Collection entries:
--

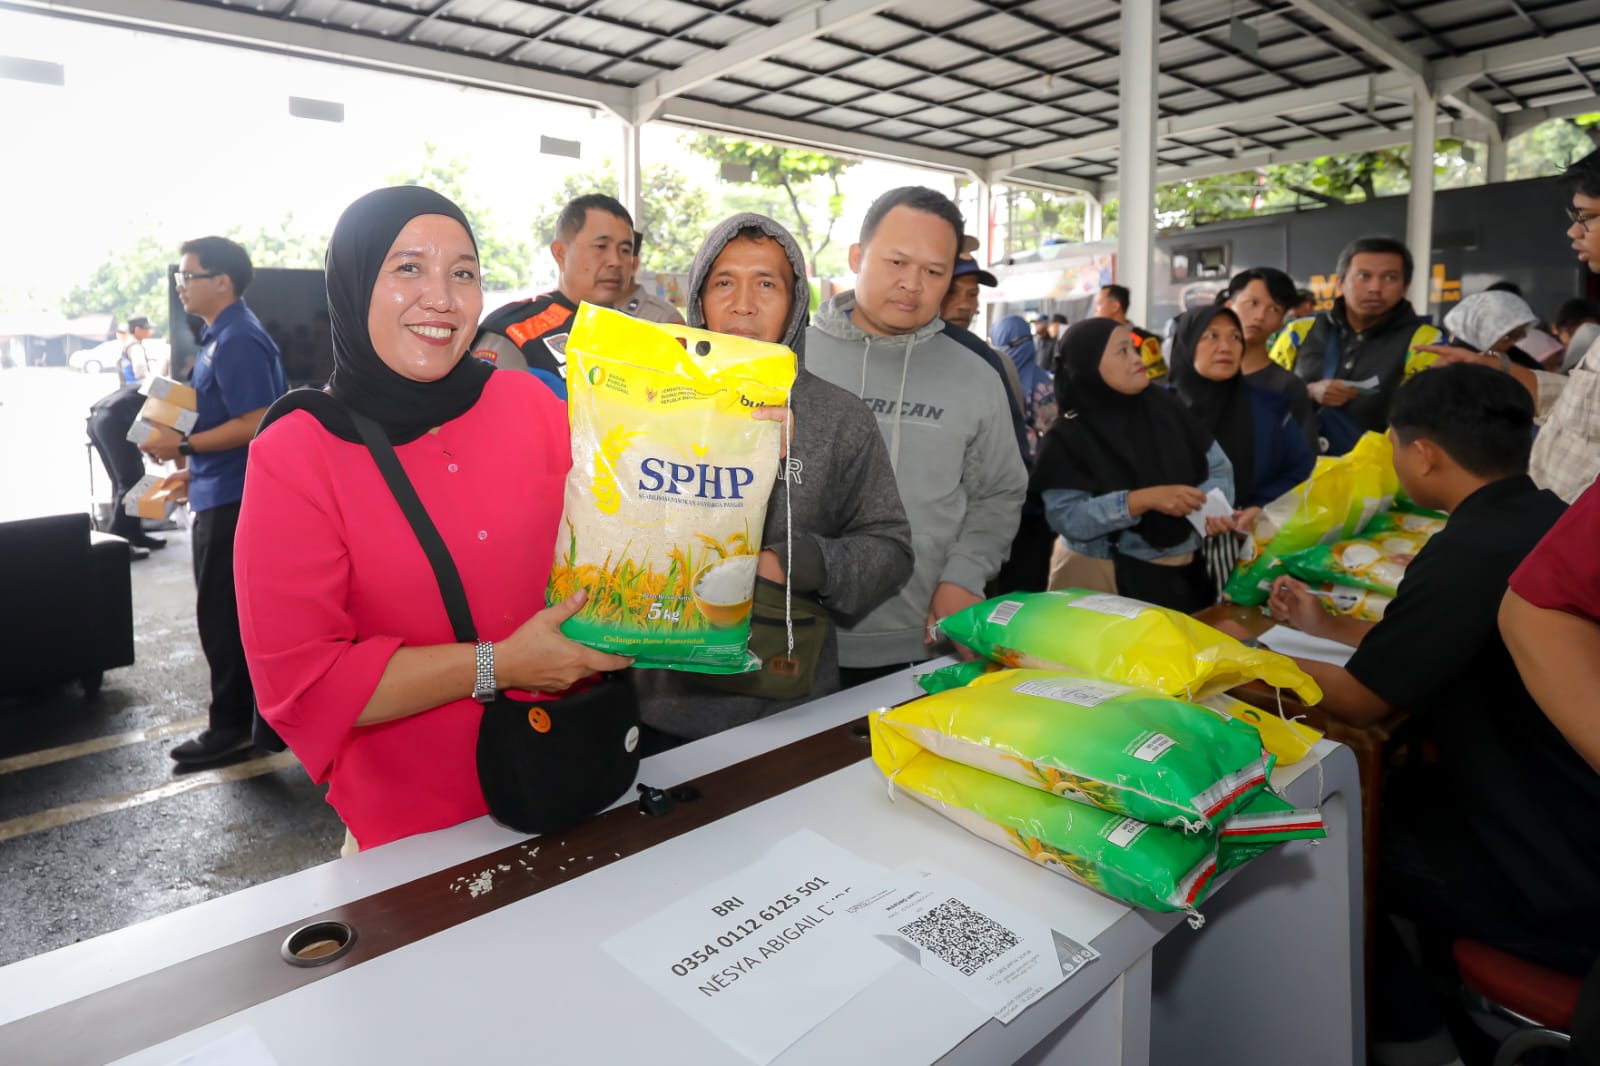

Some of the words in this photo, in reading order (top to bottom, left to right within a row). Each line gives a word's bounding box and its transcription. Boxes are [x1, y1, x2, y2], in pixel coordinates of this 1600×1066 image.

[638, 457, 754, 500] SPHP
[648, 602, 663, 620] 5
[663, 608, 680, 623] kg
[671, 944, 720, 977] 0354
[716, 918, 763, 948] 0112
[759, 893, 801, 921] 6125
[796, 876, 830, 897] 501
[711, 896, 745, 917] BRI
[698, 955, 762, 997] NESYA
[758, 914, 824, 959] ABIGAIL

--

Output the records above exactly as written, but leave out the pictures.

- [WRITTEN RESPONSE]
Some of the words in this photo, in reading order (top to bottom, left to right within a row). Each line gives a word's bounding box and its transcription. Boxes are [x1, y1, x2, y2], in pixel coordinates of this 1600×1066 image.

[638, 457, 754, 500] SPHP
[648, 602, 663, 620] 5
[663, 608, 680, 623] kg
[671, 944, 720, 977] 0354
[716, 918, 763, 948] 0112
[759, 893, 801, 921] 6125
[796, 876, 830, 897] 501
[711, 896, 745, 917] BRI
[698, 955, 762, 997] NESYA
[758, 914, 824, 959] ABIGAIL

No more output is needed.